Assignment
Produce a character-for-character copy of the data below.

Records provided
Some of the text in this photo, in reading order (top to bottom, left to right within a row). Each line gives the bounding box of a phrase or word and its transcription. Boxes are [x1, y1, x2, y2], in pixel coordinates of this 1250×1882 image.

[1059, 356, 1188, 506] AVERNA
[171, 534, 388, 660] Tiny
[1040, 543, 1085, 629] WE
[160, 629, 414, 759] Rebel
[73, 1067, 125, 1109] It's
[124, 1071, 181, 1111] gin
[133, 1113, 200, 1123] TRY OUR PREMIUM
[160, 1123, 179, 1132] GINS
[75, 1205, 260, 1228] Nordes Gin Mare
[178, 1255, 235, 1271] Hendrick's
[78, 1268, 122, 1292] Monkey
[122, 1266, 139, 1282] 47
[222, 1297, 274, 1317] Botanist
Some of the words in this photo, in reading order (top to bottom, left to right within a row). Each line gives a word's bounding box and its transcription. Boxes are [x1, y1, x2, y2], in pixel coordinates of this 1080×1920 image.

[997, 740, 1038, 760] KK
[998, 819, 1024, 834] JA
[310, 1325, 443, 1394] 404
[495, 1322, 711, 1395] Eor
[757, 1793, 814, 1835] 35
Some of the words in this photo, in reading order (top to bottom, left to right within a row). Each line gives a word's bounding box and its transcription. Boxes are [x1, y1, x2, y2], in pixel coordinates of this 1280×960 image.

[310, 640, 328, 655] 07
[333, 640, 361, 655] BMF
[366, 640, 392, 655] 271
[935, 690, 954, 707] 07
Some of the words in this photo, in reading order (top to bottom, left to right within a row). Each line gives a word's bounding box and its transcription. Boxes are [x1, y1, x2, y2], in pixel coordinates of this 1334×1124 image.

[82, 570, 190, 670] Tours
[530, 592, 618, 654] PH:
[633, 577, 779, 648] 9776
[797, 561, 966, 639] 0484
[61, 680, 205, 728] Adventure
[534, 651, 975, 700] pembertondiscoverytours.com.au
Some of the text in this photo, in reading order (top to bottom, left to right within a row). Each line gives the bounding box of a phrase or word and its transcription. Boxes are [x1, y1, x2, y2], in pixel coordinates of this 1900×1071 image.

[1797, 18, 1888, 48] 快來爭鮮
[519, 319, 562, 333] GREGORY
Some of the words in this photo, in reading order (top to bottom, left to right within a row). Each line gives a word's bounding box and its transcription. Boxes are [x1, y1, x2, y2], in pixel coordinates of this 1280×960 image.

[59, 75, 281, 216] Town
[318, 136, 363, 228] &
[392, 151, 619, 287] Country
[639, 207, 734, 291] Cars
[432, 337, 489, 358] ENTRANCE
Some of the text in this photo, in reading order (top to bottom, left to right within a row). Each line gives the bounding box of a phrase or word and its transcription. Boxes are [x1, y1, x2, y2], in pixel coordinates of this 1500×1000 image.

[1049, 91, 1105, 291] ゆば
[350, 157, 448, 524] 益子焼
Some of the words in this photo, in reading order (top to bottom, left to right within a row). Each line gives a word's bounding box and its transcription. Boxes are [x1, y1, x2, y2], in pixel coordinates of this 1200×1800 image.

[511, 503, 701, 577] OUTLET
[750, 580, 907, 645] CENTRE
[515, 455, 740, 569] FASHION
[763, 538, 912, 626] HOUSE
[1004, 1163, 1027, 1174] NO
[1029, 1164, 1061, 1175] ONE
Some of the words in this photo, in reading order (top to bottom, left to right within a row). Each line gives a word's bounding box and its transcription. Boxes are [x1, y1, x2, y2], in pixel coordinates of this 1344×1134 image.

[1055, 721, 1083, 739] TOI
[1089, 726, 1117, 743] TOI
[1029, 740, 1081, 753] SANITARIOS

Your solution
Some of the text in this photo, in reading order (top to bottom, left to right within a row). Each line gives the bounding box of a phrase or word and its transcription. Boxes are [x1, y1, x2, y2], in pixel coordinates of this 1250×1882 image.

[1059, 356, 1188, 506] AVERNA
[171, 534, 388, 660] Tiny
[1040, 543, 1085, 629] WE
[160, 629, 414, 759] Rebel
[73, 1067, 125, 1109] It's
[124, 1071, 181, 1111] gin
[133, 1113, 200, 1123] TRY OUR PREMIUM
[160, 1123, 179, 1132] GINS
[75, 1205, 260, 1228] Nordes Gin Mare
[178, 1255, 235, 1271] Hendrick's
[78, 1268, 122, 1292] Monkey
[122, 1266, 139, 1282] 47
[222, 1297, 274, 1317] Botanist
Some of the words in this photo, in reading order (top to bottom, left to right within a row). Each line gives a word's bounding box and its transcription. Boxes are [x1, y1, x2, y2], in pixel coordinates of this 1080×1920 image.

[997, 740, 1038, 760] KK
[998, 819, 1024, 834] JA
[310, 1325, 443, 1394] 404
[495, 1322, 711, 1395] Eor
[757, 1793, 814, 1835] 35
Some of the words in this photo, in reading order (top to bottom, left to right within a row). Each line gives a word's bounding box and its transcription. Boxes are [x1, y1, x2, y2], in pixel coordinates of this 1280×960 image.

[310, 640, 328, 655] 07
[333, 640, 361, 655] BMF
[366, 640, 392, 655] 271
[935, 690, 954, 707] 07
Some of the words in this photo, in reading order (top to bottom, left to right within a row). Each line gives a word's bounding box and its transcription. Boxes are [x1, y1, x2, y2], in pixel coordinates of this 1334×1124 image.

[82, 570, 190, 670] Tours
[530, 592, 618, 654] PH:
[633, 577, 779, 648] 9776
[797, 561, 966, 639] 0484
[61, 680, 205, 728] Adventure
[534, 651, 975, 700] pembertondiscoverytours.com.au
Some of the text in this photo, in reading order (top to bottom, left to right within a row). Each line gives the bounding box of a phrase or word and its transcription. Boxes are [x1, y1, x2, y2], in pixel coordinates of this 1900×1071 image.

[1797, 18, 1888, 48] 快來爭鮮
[519, 319, 562, 333] GREGORY
Some of the words in this photo, in reading order (top to bottom, left to right within a row). Each line gives a word's bounding box and its transcription. Boxes are [x1, y1, x2, y2], in pixel coordinates of this 1280×960 image.

[59, 75, 281, 216] Town
[318, 136, 363, 228] &
[392, 151, 619, 287] Country
[639, 207, 734, 291] Cars
[432, 337, 489, 358] ENTRANCE
Some of the text in this photo, in reading order (top to bottom, left to right within a row). Each line gives the bounding box of a phrase or word and its transcription. Boxes are [x1, y1, x2, y2], in pixel coordinates of this 1500×1000 image.

[1049, 91, 1105, 291] ゆば
[350, 157, 448, 524] 益子焼
Some of the words in this photo, in reading order (top to bottom, left to right within a row). Each line gives a word's bounding box and its transcription. Boxes are [x1, y1, x2, y2], in pixel coordinates of this 1200×1800 image.

[511, 503, 701, 577] OUTLET
[750, 580, 907, 645] CENTRE
[515, 455, 740, 569] FASHION
[763, 538, 912, 626] HOUSE
[1004, 1163, 1027, 1174] NO
[1029, 1164, 1061, 1175] ONE
Some of the words in this photo, in reading order (top to bottom, left to right within a row). Each line gives a word's bounding box and its transcription. Boxes are [x1, y1, x2, y2], in pixel coordinates of this 1344×1134 image.

[1055, 721, 1083, 739] TOI
[1089, 726, 1117, 743] TOI
[1029, 740, 1081, 753] SANITARIOS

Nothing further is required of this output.